WHAT YOU SHOULD DO: The records below are to be copied exactly, with their pictures left out.

DATA FOR REVIEW:
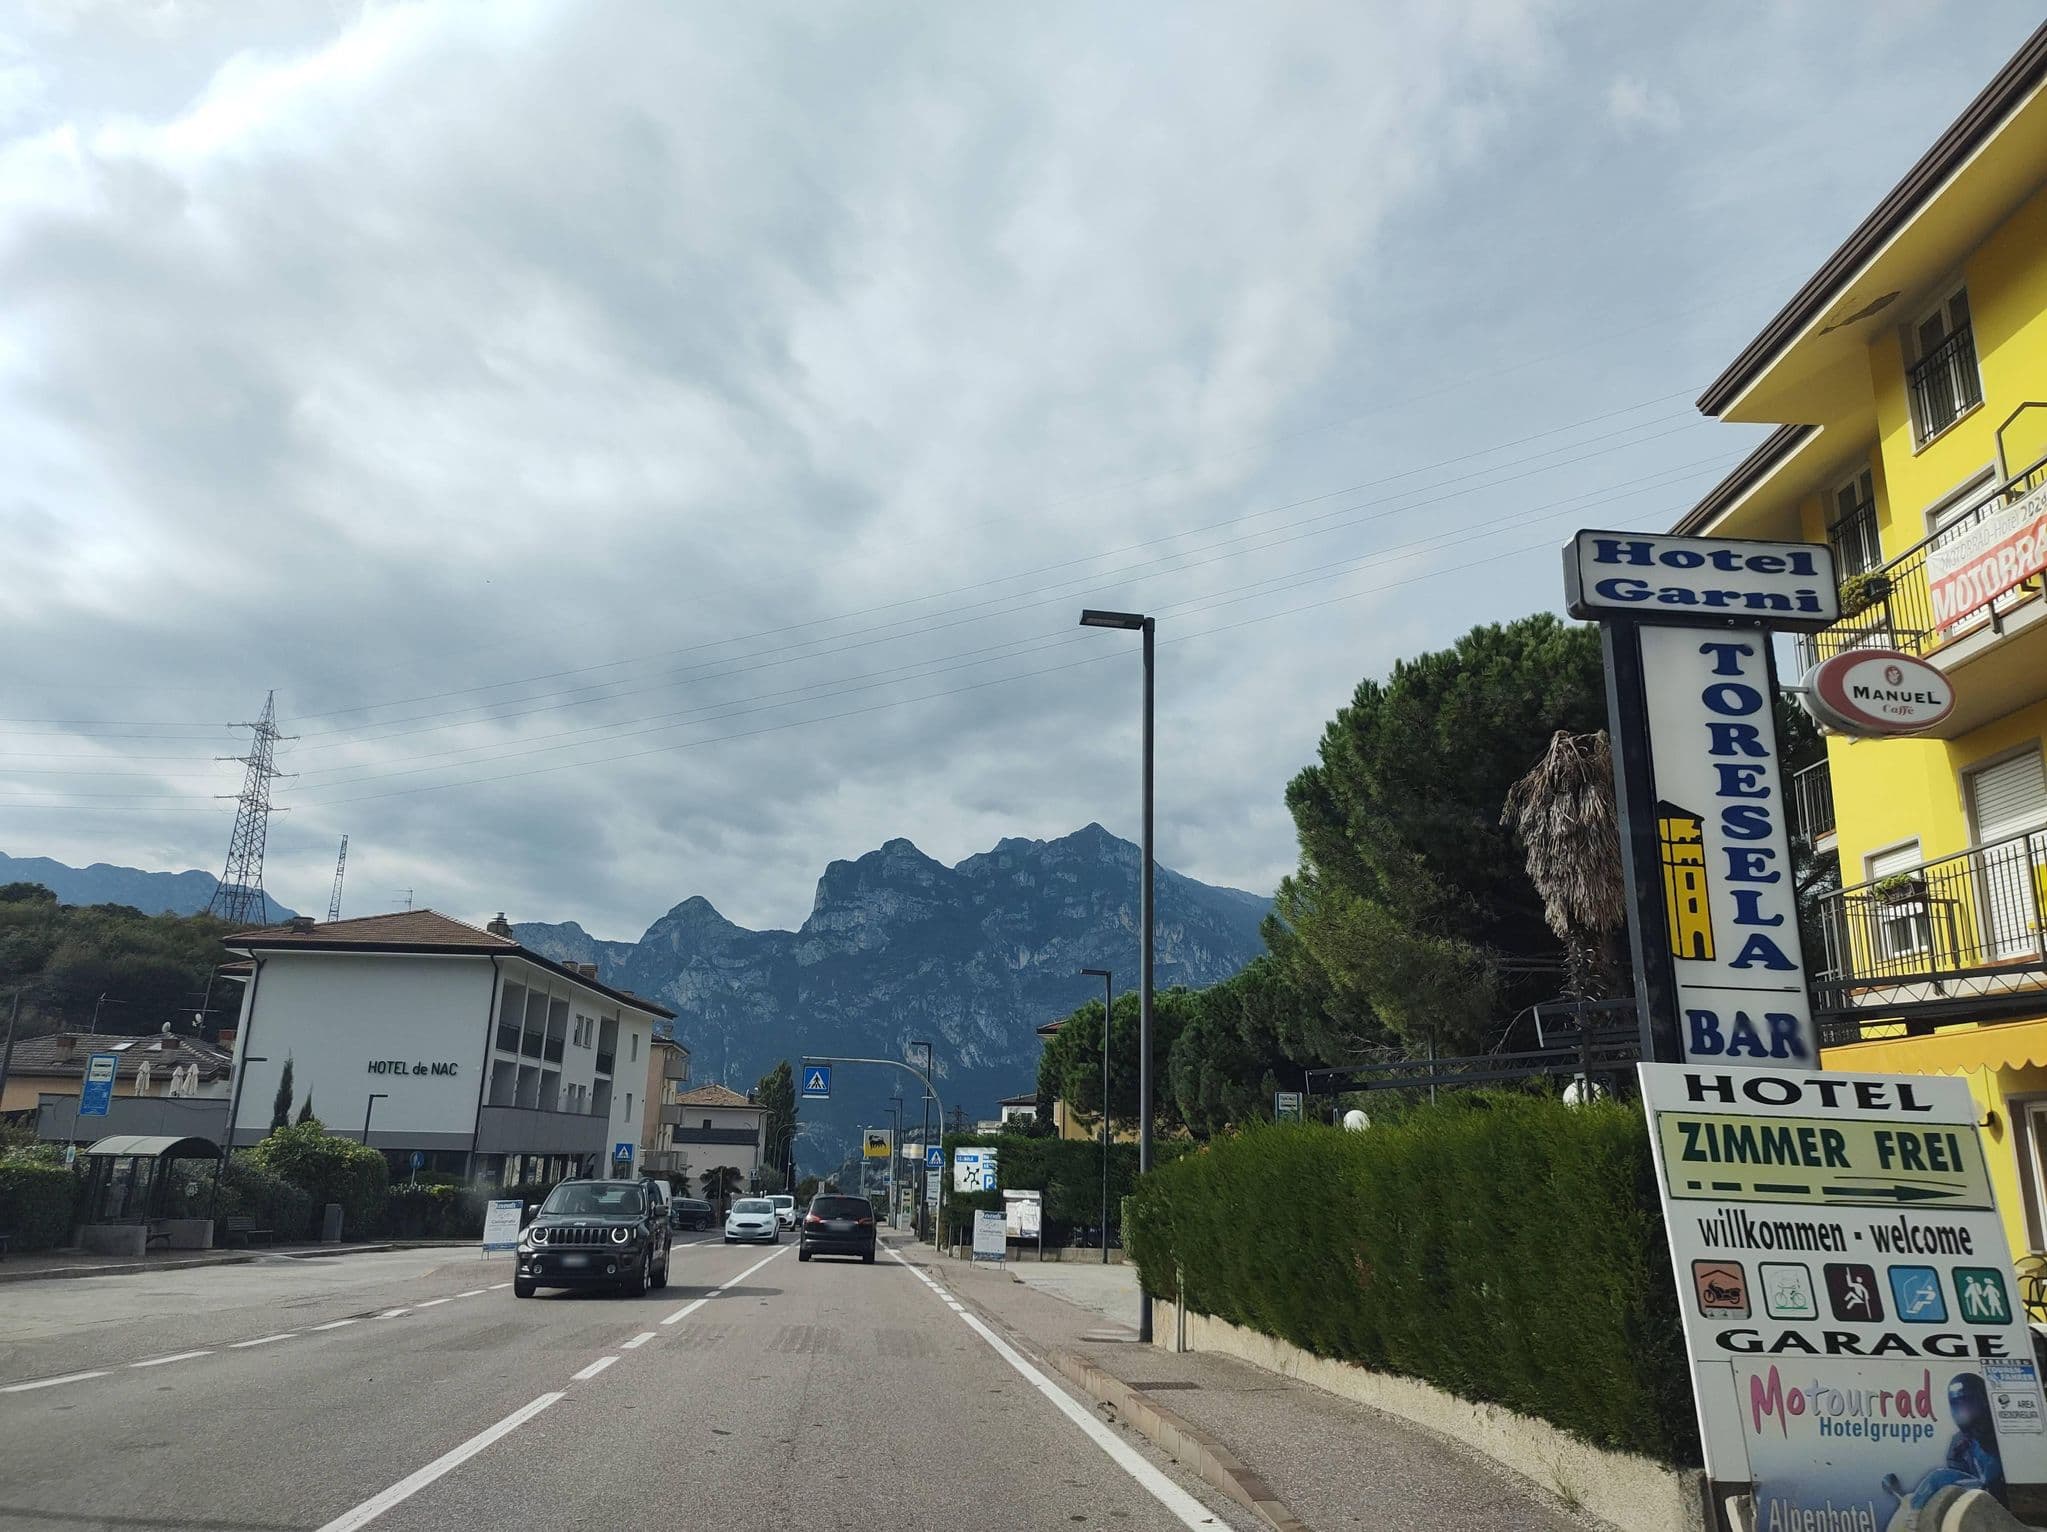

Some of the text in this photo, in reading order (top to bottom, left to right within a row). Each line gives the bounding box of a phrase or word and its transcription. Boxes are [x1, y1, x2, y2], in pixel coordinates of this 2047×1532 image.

[1592, 539, 1819, 576] Hotel
[1595, 578, 1823, 613] Garni
[1853, 685, 1942, 705] MANUEL
[1699, 642, 1799, 972] TORESELA
[1685, 1009, 1808, 1059] BAR
[368, 1060, 459, 1076] HOTEL de NAC
[1684, 1074, 1934, 1112] HOTEL
[1677, 1121, 1965, 1173] ZIMMER FREI
[1697, 1208, 1848, 1252] willkommen
[1868, 1214, 1974, 1256] welcome
[1715, 1328, 2010, 1358] GARAGE
[1750, 1364, 1938, 1440] Motourrad
[2017, 1400, 2035, 1408] AREA
[1820, 1417, 1934, 1443] Hotelgruppe
[1769, 1498, 1877, 1532] Alpenhotel

RESPONSE TO THE TASK:
Some of the text in this photo, in reading order (top to bottom, left to right within a row). Each line gives the bounding box of a phrase or word and its transcription. Boxes are [x1, y1, x2, y2], in pixel coordinates of this 2047×1532 image.

[1592, 539, 1819, 576] Hotel
[1595, 578, 1823, 613] Garni
[1853, 685, 1942, 705] MANUEL
[1699, 642, 1799, 972] TORESELA
[1685, 1009, 1808, 1059] BAR
[368, 1060, 459, 1076] HOTEL de NAC
[1684, 1074, 1934, 1112] HOTEL
[1677, 1121, 1965, 1173] ZIMMER FREI
[1697, 1208, 1848, 1252] willkommen
[1868, 1214, 1974, 1256] welcome
[1715, 1328, 2010, 1358] GARAGE
[1750, 1364, 1938, 1440] Motourrad
[2017, 1400, 2035, 1408] AREA
[1820, 1417, 1934, 1443] Hotelgruppe
[1769, 1498, 1877, 1532] Alpenhotel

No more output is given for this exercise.